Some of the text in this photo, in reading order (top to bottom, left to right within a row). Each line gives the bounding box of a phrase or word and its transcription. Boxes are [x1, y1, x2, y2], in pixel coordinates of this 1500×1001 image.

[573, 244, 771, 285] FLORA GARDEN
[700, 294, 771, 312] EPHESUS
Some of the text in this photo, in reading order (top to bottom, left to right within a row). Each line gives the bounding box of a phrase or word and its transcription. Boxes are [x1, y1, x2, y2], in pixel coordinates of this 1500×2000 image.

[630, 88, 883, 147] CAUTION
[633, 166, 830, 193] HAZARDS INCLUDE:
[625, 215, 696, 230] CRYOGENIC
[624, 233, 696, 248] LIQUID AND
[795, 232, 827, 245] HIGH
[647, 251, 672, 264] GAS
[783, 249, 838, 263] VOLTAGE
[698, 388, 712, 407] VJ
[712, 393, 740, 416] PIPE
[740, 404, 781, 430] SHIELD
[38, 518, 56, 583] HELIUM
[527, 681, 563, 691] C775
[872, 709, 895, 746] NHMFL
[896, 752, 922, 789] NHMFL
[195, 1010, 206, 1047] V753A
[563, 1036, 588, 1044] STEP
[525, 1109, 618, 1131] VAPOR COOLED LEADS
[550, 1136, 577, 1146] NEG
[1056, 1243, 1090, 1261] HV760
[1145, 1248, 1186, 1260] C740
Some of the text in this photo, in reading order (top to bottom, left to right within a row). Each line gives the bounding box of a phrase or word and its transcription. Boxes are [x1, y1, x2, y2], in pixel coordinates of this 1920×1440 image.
──────────
» **Task item**
Nothing in the data may be omitted; transcribe it exactly.

» **Reply**
Some of the text in this photo, in reading order (top to bottom, left to right within a row). Each line gives the bounding box of a phrase or word and its transcription. Boxes are [x1, y1, x2, y2], in pixel coordinates of this 1500×1001 image.

[573, 244, 771, 285] FLORA GARDEN
[700, 294, 771, 312] EPHESUS
Some of the text in this photo, in reading order (top to bottom, left to right within a row). Each line gives the bounding box of a phrase or word and its transcription. Boxes are [x1, y1, x2, y2], in pixel coordinates of this 1500×2000 image.

[630, 88, 883, 147] CAUTION
[633, 166, 830, 193] HAZARDS INCLUDE:
[625, 215, 696, 230] CRYOGENIC
[624, 233, 696, 248] LIQUID AND
[795, 232, 827, 245] HIGH
[647, 251, 672, 264] GAS
[783, 249, 838, 263] VOLTAGE
[698, 388, 712, 407] VJ
[712, 393, 740, 416] PIPE
[740, 404, 781, 430] SHIELD
[38, 518, 56, 583] HELIUM
[527, 681, 563, 691] C775
[872, 709, 895, 746] NHMFL
[896, 752, 922, 789] NHMFL
[195, 1010, 206, 1047] V753A
[563, 1036, 588, 1044] STEP
[525, 1109, 618, 1131] VAPOR COOLED LEADS
[550, 1136, 577, 1146] NEG
[1056, 1243, 1090, 1261] HV760
[1145, 1248, 1186, 1260] C740
Some of the text in this photo, in reading order (top to bottom, left to right within a row). Each line gives the bounding box of a phrase or word and its transcription. Boxes are [x1, y1, x2, y2], in pixel coordinates of this 1920×1440 image.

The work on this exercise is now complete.